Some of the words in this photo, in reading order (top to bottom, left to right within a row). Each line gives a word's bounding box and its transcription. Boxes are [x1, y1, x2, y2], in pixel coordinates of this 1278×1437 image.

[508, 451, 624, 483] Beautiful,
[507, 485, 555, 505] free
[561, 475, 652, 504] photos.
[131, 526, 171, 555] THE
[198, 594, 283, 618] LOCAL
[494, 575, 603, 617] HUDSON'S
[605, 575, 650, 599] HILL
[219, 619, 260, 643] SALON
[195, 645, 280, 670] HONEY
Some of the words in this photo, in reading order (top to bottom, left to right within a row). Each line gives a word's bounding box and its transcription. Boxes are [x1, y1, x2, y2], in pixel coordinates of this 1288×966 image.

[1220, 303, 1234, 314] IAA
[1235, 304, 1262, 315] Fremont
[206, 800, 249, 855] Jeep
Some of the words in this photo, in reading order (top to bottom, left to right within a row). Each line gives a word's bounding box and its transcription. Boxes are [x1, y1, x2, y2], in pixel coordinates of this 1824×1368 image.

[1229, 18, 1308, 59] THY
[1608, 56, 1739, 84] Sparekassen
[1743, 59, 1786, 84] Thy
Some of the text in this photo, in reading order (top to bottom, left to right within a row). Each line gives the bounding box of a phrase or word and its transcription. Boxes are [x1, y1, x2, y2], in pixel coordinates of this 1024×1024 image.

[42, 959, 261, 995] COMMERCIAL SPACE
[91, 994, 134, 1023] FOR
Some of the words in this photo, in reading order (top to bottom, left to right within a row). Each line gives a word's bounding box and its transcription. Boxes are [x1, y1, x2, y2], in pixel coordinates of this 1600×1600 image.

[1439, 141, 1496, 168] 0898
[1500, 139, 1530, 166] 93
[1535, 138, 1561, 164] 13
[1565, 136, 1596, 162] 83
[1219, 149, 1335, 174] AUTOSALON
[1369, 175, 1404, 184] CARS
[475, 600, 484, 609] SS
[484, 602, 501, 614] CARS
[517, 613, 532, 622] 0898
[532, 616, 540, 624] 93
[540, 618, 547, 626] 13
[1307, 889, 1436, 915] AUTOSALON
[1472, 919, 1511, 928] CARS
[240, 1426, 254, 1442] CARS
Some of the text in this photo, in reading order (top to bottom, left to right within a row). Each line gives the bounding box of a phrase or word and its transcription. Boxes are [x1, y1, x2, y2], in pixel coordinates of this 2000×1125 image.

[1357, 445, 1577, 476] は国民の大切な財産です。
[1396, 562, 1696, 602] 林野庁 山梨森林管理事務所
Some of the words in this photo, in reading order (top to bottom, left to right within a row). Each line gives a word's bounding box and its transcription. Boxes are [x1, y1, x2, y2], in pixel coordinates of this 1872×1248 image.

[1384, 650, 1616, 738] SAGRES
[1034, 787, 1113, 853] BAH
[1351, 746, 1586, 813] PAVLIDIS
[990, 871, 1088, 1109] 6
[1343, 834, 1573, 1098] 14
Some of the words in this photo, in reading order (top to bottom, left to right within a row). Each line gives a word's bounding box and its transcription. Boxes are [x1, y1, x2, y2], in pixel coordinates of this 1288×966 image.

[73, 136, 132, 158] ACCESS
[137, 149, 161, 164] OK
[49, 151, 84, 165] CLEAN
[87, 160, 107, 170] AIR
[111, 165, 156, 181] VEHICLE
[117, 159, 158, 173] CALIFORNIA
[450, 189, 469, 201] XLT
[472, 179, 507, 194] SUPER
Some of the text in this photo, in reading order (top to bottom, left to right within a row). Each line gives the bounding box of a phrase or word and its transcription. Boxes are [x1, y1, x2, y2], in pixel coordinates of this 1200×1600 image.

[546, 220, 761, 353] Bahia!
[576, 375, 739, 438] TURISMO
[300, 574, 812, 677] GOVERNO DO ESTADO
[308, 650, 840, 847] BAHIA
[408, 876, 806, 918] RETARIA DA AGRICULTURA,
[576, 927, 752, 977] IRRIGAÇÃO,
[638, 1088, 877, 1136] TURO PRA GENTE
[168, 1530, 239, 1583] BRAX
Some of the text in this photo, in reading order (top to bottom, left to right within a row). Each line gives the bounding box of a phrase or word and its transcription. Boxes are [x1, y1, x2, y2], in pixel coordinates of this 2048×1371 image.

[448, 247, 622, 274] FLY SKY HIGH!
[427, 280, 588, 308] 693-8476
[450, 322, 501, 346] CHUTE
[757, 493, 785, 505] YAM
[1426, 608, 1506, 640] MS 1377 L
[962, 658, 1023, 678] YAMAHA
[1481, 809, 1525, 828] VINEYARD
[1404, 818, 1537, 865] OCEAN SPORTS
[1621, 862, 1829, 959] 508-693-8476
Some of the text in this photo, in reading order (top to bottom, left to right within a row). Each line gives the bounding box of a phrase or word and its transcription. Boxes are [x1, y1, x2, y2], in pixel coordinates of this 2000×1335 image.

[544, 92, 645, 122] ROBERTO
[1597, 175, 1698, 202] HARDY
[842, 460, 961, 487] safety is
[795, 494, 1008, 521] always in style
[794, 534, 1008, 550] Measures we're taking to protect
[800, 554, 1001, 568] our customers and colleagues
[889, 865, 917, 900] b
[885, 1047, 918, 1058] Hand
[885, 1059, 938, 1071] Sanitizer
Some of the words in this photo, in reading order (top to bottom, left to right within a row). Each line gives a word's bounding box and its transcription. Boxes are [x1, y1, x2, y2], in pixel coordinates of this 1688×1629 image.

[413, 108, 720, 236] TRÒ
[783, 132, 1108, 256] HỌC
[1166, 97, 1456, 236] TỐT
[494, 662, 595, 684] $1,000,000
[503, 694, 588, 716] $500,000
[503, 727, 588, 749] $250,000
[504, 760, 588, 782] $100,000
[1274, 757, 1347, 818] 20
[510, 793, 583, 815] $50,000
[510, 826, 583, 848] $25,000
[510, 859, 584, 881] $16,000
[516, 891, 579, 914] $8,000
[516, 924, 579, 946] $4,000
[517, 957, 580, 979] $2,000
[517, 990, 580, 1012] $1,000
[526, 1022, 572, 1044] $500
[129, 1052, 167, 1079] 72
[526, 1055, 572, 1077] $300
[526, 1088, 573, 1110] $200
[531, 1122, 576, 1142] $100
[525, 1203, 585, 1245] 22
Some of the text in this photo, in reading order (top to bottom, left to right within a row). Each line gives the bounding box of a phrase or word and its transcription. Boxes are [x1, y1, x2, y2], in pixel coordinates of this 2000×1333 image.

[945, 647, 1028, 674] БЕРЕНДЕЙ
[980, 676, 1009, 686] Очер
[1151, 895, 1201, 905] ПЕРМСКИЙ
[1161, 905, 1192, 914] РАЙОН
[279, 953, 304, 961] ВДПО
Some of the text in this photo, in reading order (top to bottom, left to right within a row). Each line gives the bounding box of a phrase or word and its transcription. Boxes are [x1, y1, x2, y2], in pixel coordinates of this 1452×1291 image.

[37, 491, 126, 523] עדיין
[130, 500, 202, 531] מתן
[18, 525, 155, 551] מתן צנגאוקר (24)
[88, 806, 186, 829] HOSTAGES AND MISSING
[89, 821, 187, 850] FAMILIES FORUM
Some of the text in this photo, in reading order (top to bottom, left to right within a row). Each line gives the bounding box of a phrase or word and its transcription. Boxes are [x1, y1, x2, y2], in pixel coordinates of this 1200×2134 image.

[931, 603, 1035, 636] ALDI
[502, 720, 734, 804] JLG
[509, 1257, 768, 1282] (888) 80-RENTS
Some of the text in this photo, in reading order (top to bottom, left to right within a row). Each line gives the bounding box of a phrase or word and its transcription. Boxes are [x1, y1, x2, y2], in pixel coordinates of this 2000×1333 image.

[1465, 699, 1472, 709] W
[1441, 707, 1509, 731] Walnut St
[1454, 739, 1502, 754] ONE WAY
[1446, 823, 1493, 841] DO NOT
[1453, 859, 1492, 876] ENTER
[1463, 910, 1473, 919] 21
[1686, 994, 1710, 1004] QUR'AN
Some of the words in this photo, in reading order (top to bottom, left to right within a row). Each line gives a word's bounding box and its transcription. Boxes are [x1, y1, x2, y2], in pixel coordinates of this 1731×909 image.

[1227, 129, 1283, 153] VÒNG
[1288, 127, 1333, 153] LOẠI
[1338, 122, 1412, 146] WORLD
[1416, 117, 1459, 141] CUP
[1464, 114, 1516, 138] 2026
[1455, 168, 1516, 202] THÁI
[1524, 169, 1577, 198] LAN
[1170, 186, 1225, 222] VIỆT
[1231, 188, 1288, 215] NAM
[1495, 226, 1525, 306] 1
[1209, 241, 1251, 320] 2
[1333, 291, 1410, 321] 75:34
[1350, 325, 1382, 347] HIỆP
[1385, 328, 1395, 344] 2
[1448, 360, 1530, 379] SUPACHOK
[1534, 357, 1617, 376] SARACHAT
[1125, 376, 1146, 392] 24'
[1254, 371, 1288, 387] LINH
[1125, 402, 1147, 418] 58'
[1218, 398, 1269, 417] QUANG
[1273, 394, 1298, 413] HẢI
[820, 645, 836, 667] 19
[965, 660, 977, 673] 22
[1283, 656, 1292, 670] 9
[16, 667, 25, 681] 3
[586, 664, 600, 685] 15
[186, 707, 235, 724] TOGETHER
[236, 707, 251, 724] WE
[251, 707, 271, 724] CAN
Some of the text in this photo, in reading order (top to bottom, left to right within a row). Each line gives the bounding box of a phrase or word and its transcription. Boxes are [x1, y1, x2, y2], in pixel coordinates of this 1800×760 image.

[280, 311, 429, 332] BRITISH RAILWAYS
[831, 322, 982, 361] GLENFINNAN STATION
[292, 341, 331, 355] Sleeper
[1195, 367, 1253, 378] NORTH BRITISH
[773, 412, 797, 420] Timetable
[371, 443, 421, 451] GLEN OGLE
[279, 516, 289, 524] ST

+ + + + + + +

▶ _Task objective_
Print nothing except the lines from the line containing "this 1800×760 image." to the end of the listing, exactly as written.

▶ _Answer box_
Some of the text in this photo, in reading order (top to bottom, left to right within a row). Each line gives the bounding box of a phrase or word and its transcription. Boxes are [x1, y1, x2, y2], in pixel coordinates of this 1800×760 image.

[280, 311, 429, 332] BRITISH RAILWAYS
[831, 322, 982, 361] GLENFINNAN STATION
[292, 341, 331, 355] Sleeper
[1195, 367, 1253, 378] NORTH BRITISH
[773, 412, 797, 420] Timetable
[371, 443, 421, 451] GLEN OGLE
[279, 516, 289, 524] ST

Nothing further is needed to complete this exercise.